The Clothed Body in the Ancient World edited by Liza Cleland, Mary Harlow and Lloyd Llewellyn-Jones

David Brown Book Company: "The recent renaissance of interest in the history of dress and its cultural importance is celebrated in this collection of interdisciplinary essays. The sixteen contributors present on-going research into the study of the clothed body in ancient Egypt and the Aegean, Classical Greece, Rome and Late Antiquity. Through literary and artistic evidence and film, they discuss how dress articulates and defines an individual within his or her given society, at the same time highlighting common themes in scholarship, methodological differences between disciplines and periods, as well as contrasting definitions of what constitutes the clothed body. Essays discussing Aegean Bronze Age fashions, costume design in filmed biblical epics, clothing in Aristophanic comedy, Greek and Roman female undergarments, the symbolism of the Roman toga, and the spectacle of images of Byzantine dress, are just some of the diverse subjects covered in this study. 192p, b/w illus (Oxbow Books 2005)"

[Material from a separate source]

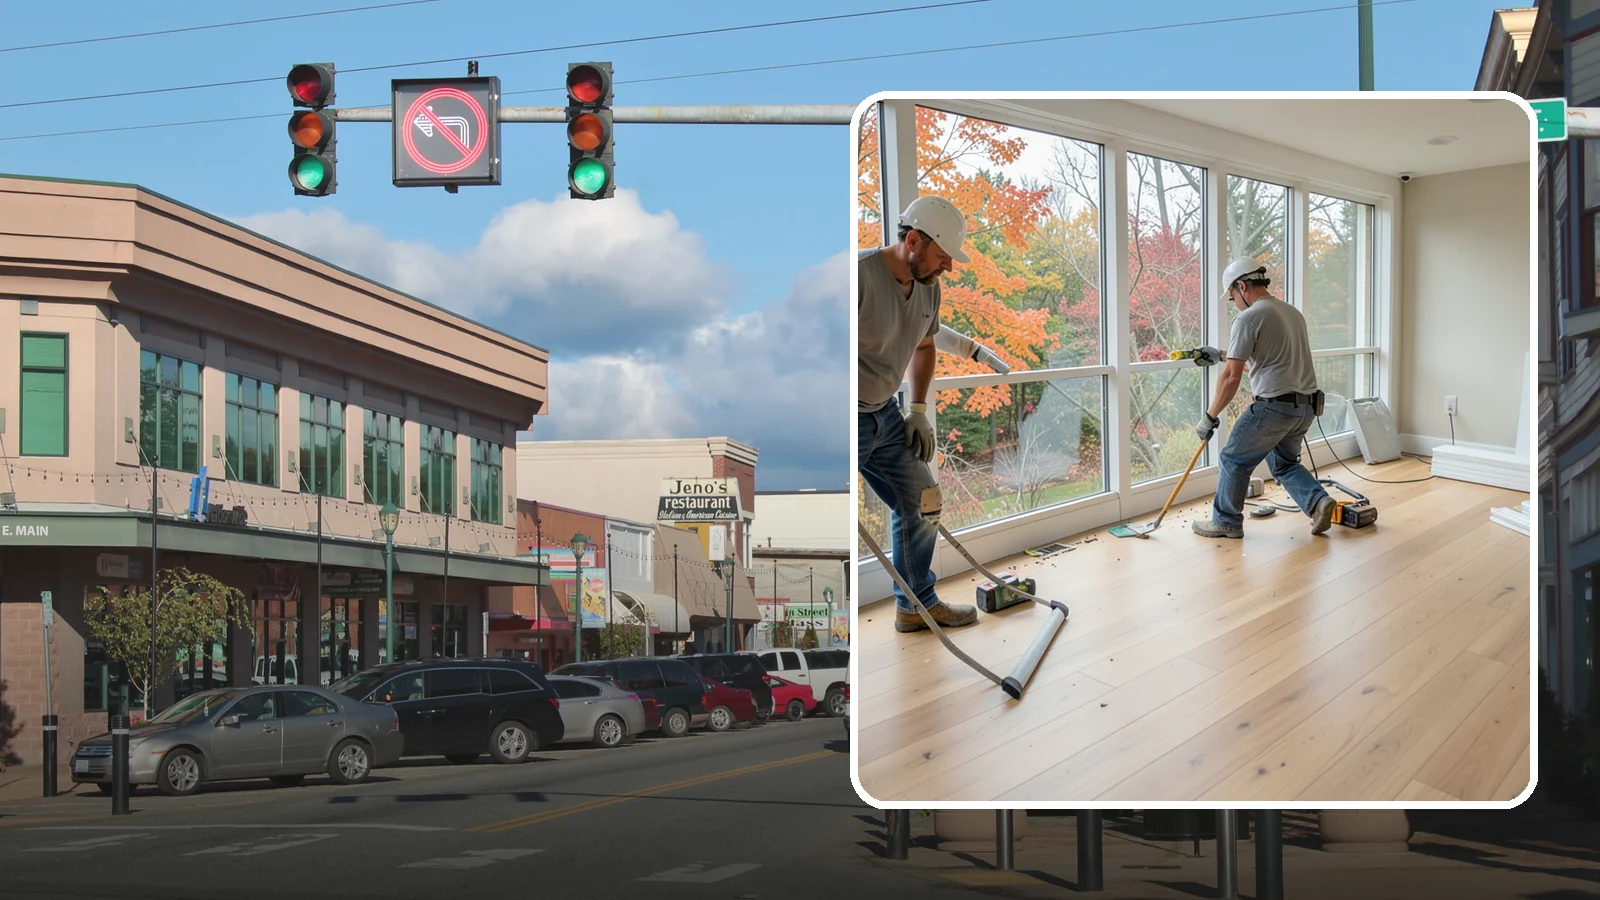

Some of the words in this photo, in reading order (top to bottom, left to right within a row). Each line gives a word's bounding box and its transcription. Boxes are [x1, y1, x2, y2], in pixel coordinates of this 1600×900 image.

Roman Working Lives and Urban Living edited by Ardle Mac Mahon and Jennifer Price

David Brown Book Company: "The ordinary people who made up the largest section of the population in the cities and towns in the Roman world were largely ignored by contemporary writers and have often been marginalised in traditional studies of Roman urbanism, but research into their patterns of work and social interaction had increased markedly in recent years. This book has come out of a conference on 'Roman Working Lives and Urban Living' held at the University of Durham in 2001. The conference was planned as a forum for people researching urban space and architecture, commercial and retail structures, organisation of craft activity and social theory. The twelve papers presented here have been organised into two categories: Urban living and the settings for working lives and People at work: Owners, and artisans, crafts and professions. The range of topics and variety of approaches in the papers emphasise the wealth of the material available, and it is hoped that this will stimulate further research into the lives of the 'silent voices' of Roman urban society. 232p, b/w illus, 2 maps (Oxbow Books 2005)"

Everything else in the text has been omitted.